-------- THE DATA --------

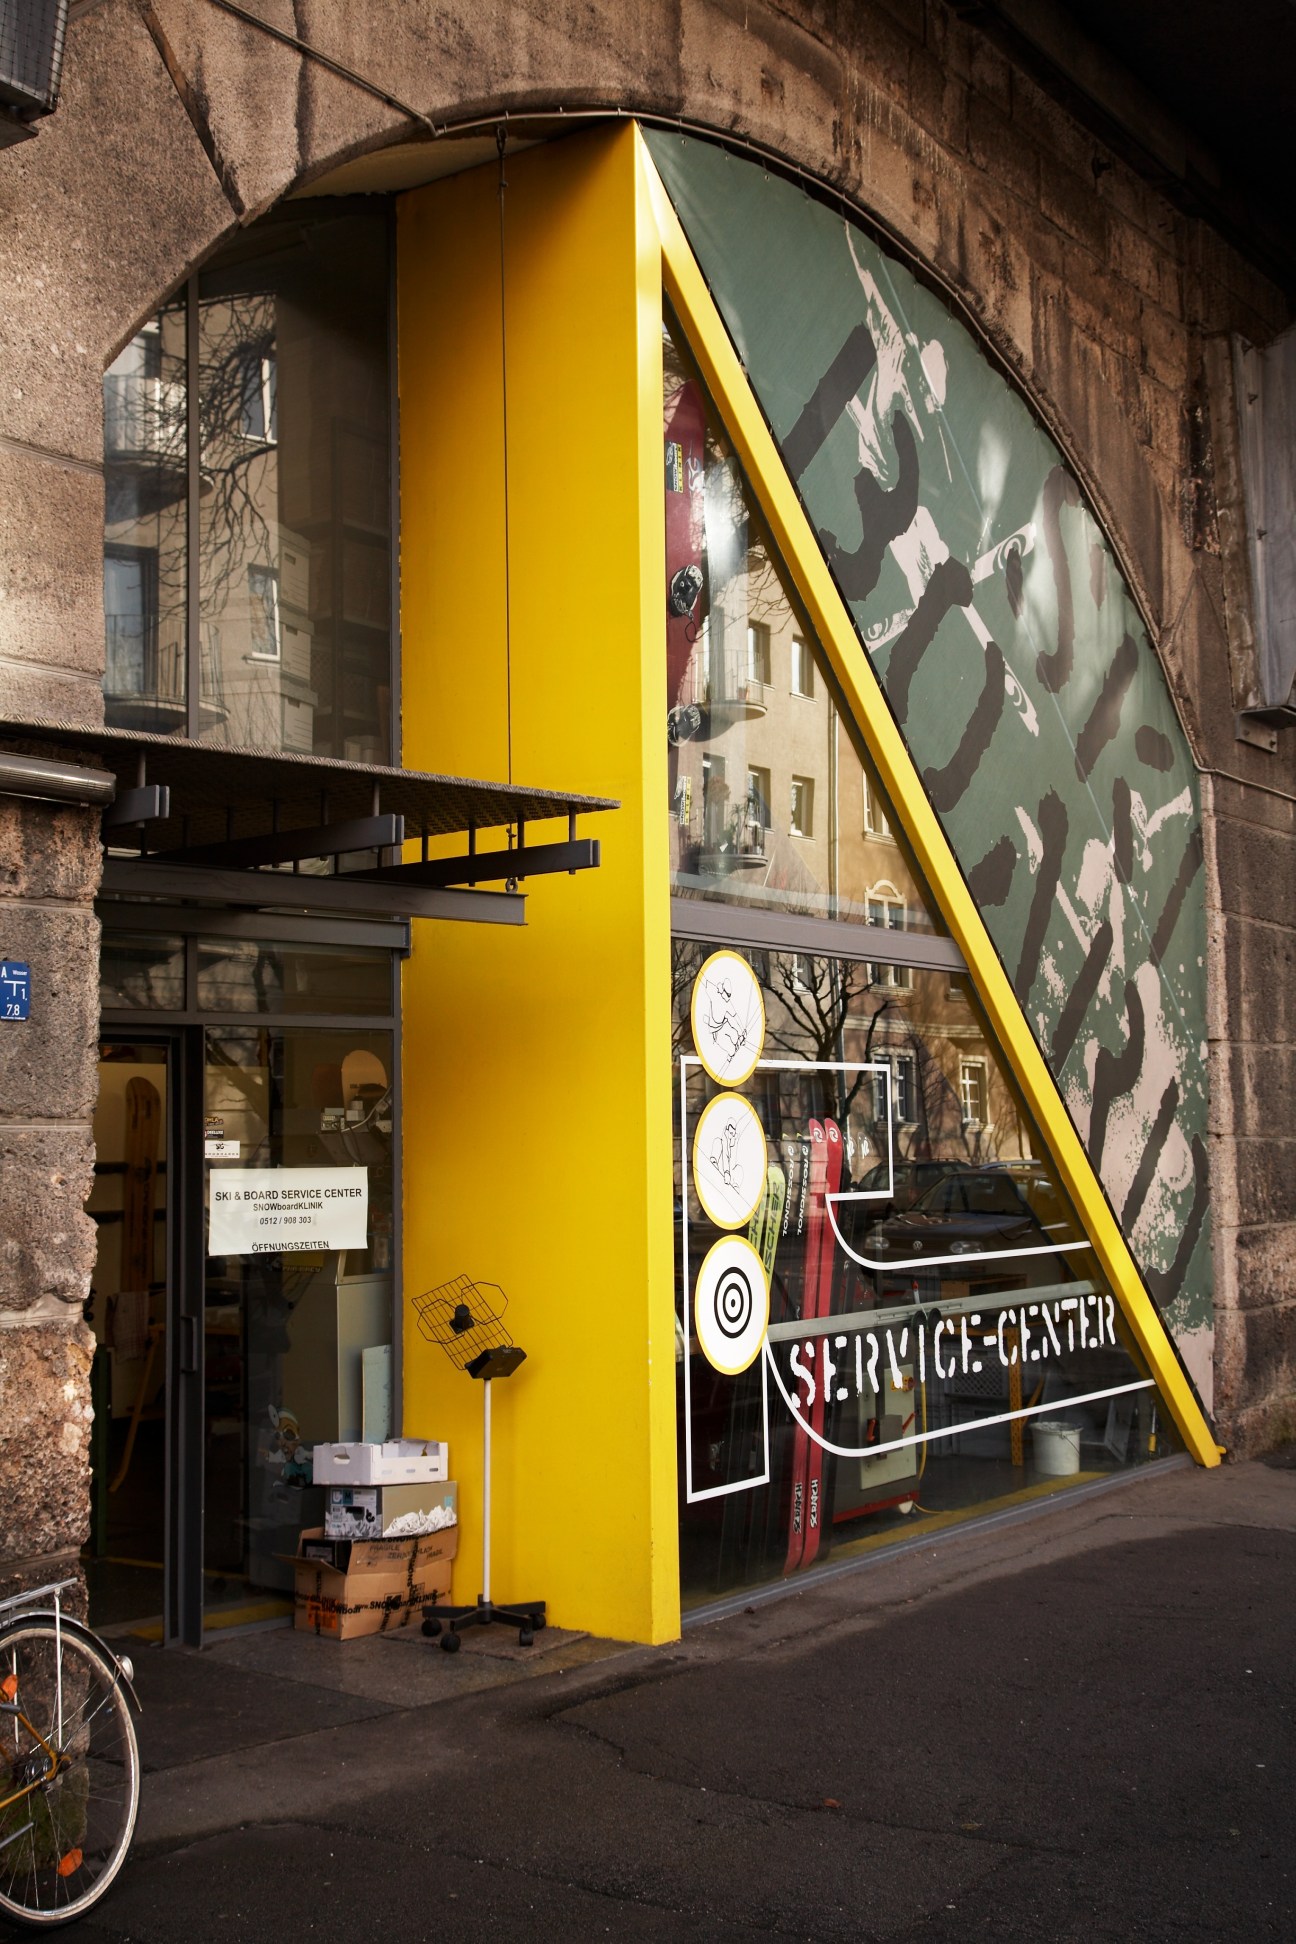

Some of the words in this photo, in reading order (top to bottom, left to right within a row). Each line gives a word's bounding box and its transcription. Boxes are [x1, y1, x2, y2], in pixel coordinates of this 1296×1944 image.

[1005, 464, 1205, 969] SKI
[783, 322, 1210, 1307] BOARD
[1, 966, 7, 978] A
[215, 1191, 232, 1201] SKI
[234, 1191, 242, 1200] &
[243, 1190, 279, 1200] BOARD
[281, 1189, 322, 1199] SERVICE
[324, 1188, 363, 1198] CENTER
[252, 1201, 324, 1211] SNOWboardKLINIK
[259, 1216, 278, 1225] 0512
[283, 1216, 297, 1225] 908
[298, 1216, 312, 1224] 303
[764, 1182, 780, 1275] ISCHER
[782, 1158, 795, 1237] ROSSIGNOL
[796, 1157, 809, 1236] ROSSIGNOL
[251, 1240, 330, 1252] ÖFFNUNGSZEITEN
[788, 1294, 1117, 1409] SERVICE-CENTER
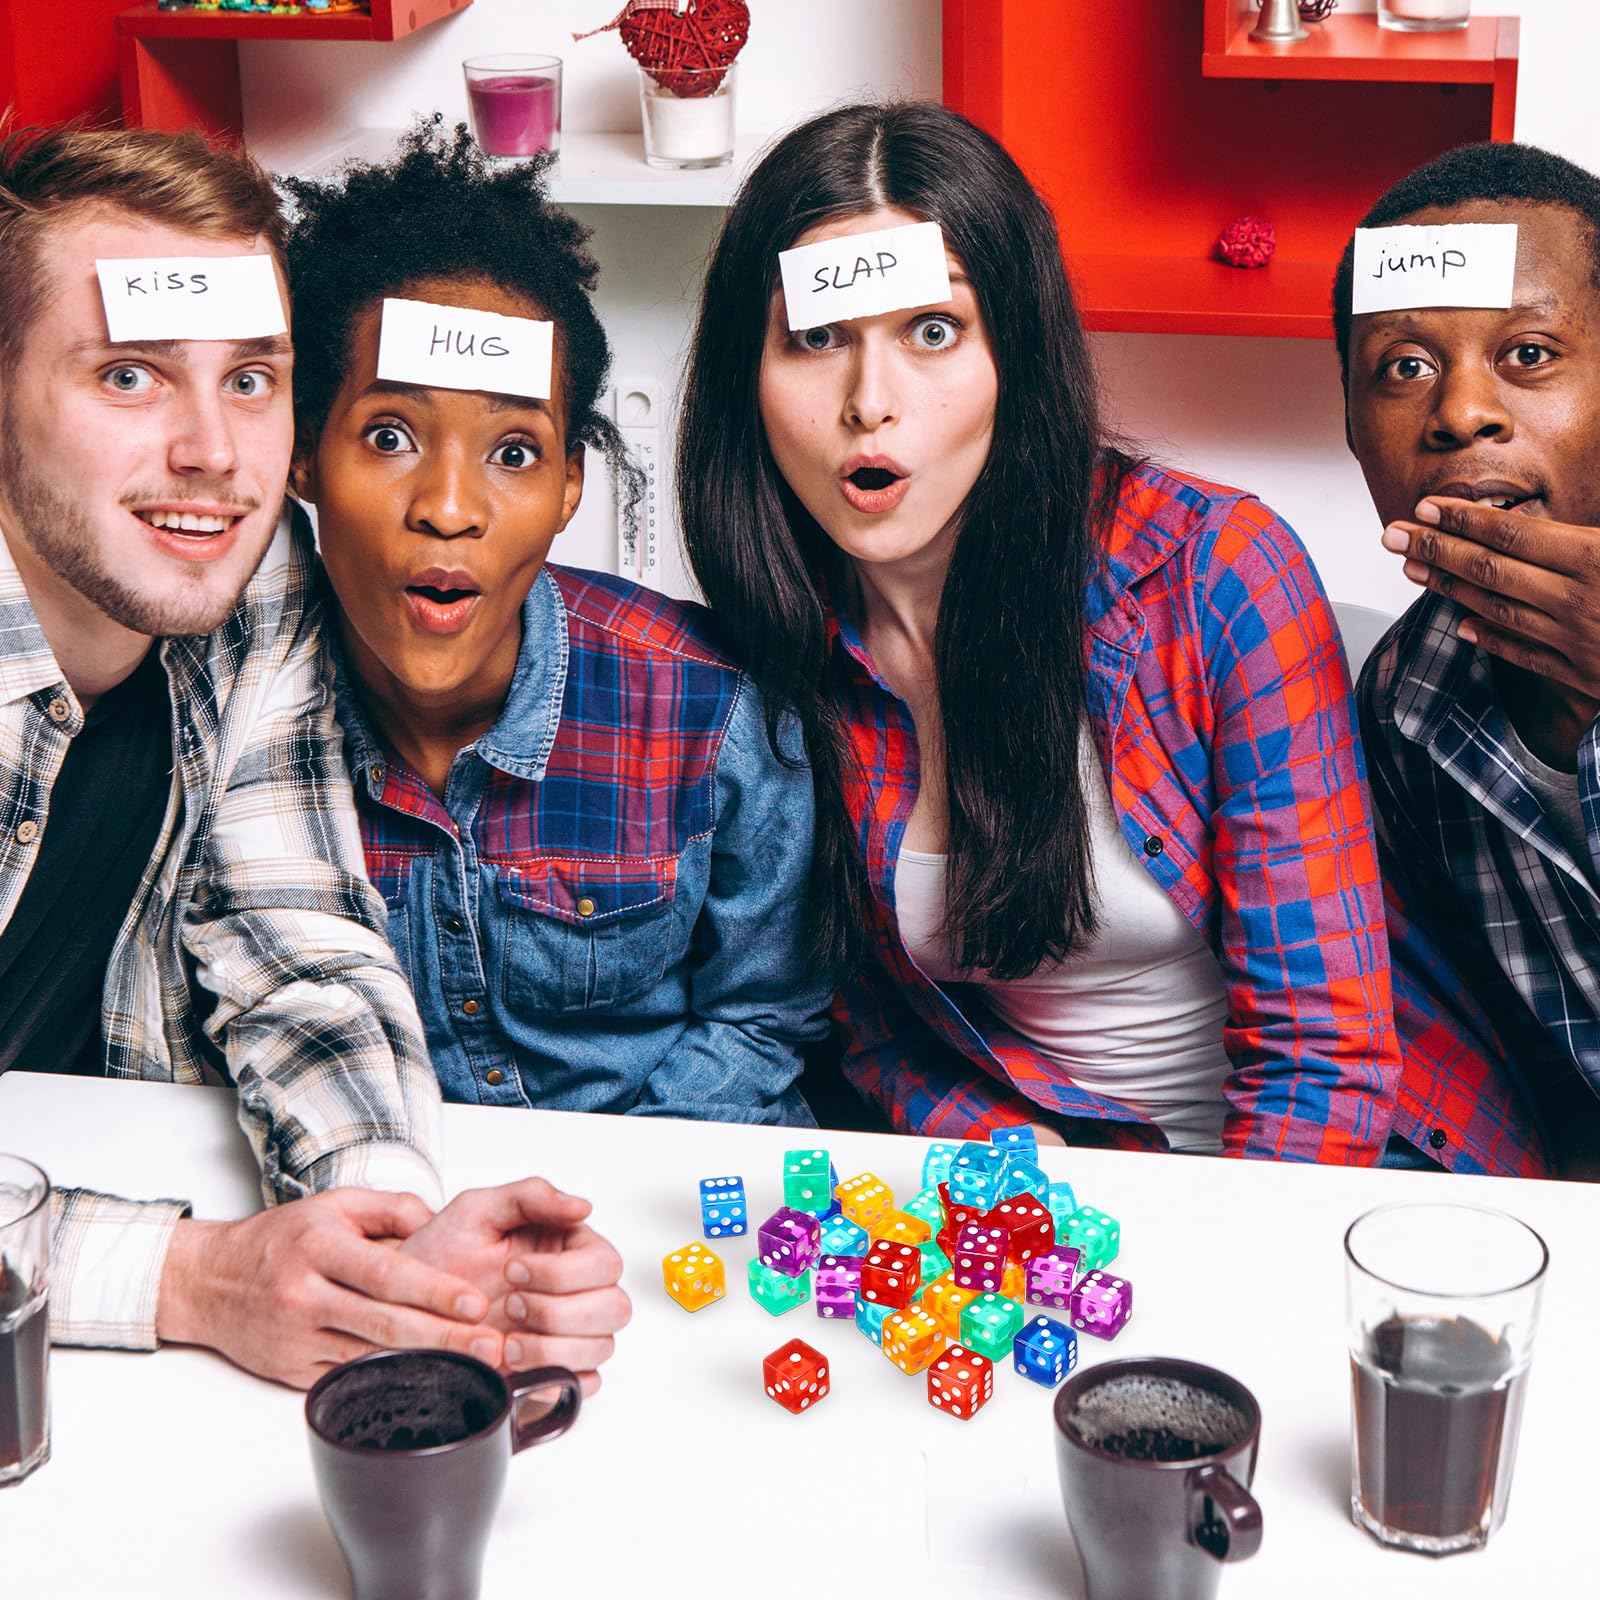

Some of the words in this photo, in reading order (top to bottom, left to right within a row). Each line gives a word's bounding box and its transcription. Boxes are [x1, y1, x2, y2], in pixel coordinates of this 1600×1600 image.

[811, 252, 898, 293] SLAP
[1371, 249, 1467, 279] jump
[429, 325, 511, 356] HUG
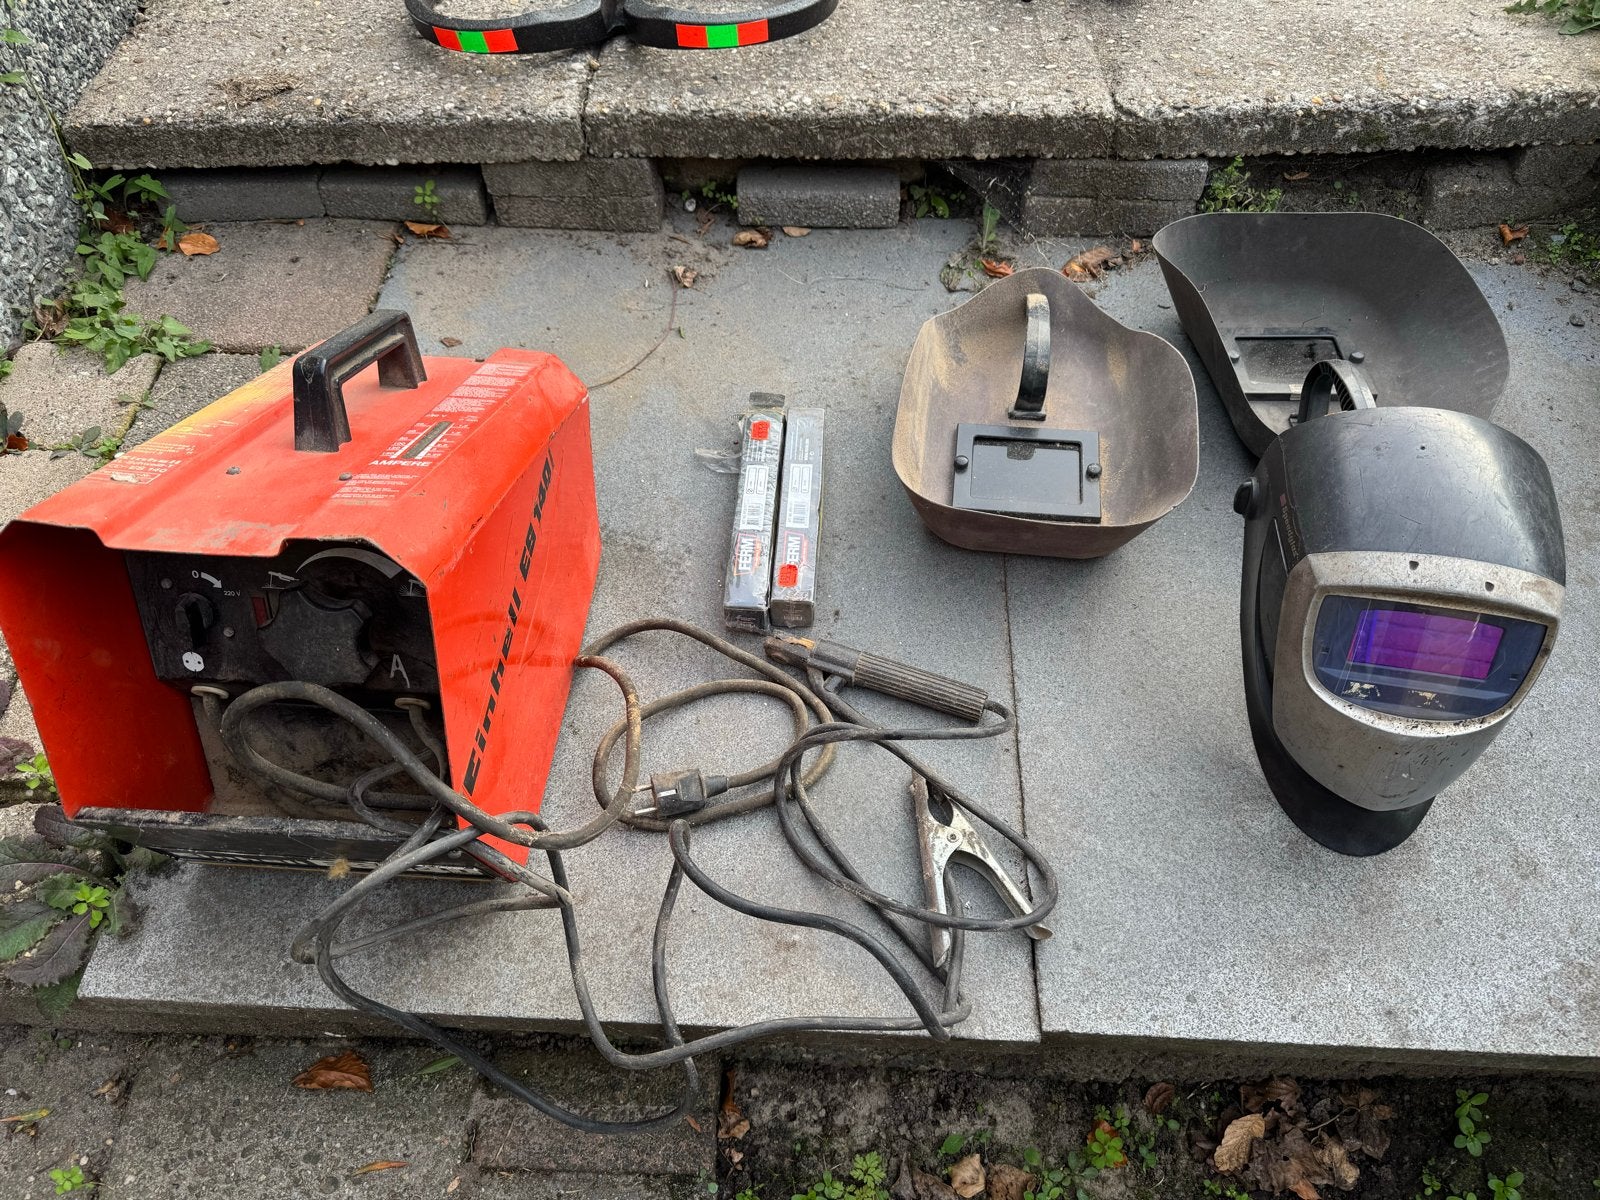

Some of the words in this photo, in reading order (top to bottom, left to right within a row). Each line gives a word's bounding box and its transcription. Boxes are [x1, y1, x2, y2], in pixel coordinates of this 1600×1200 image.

[738, 538, 755, 571] FERM
[390, 653, 410, 689] A
[463, 586, 521, 796] Einhell
[520, 522, 536, 582] EB

--------

[ACTIVITY]
Print the full listing again exactly, and drop every image from it.

[COMPLETED TASK]
Some of the words in this photo, in reading order (top to bottom, left to right within a row). Each line gives a word's bounding box and its transcription. Boxes are [x1, y1, x2, y2], in pixel coordinates of this 1296×1944 image.

[1005, 464, 1205, 969] SKI
[783, 322, 1210, 1307] BOARD
[1, 966, 7, 978] A
[215, 1191, 232, 1201] SKI
[234, 1191, 242, 1200] &
[243, 1190, 279, 1200] BOARD
[281, 1189, 322, 1199] SERVICE
[324, 1188, 363, 1198] CENTER
[252, 1201, 324, 1211] SNOWboardKLINIK
[259, 1216, 278, 1225] 0512
[283, 1216, 297, 1225] 908
[298, 1216, 312, 1224] 303
[764, 1182, 780, 1275] ISCHER
[782, 1158, 795, 1237] ROSSIGNOL
[796, 1157, 809, 1236] ROSSIGNOL
[251, 1240, 330, 1252] ÖFFNUNGSZEITEN
[788, 1294, 1117, 1409] SERVICE-CENTER

Some of the words in this photo, in reading order (top to bottom, left to right within a row). Each line gives a word's bounding box and its transcription. Boxes are [x1, y1, x2, y2], in pixel coordinates of this 1600×1600 image.

[811, 252, 898, 293] SLAP
[1371, 249, 1467, 279] jump
[429, 325, 511, 356] HUG

Some of the words in this photo, in reading order (top to bottom, left to right within a row). Each line gives a word's bounding box and its transcription. Boxes are [x1, y1, x2, y2], in pixel coordinates of this 1600×1200 image.

[738, 538, 755, 571] FERM
[390, 653, 410, 689] A
[463, 586, 521, 796] Einhell
[520, 522, 536, 582] EB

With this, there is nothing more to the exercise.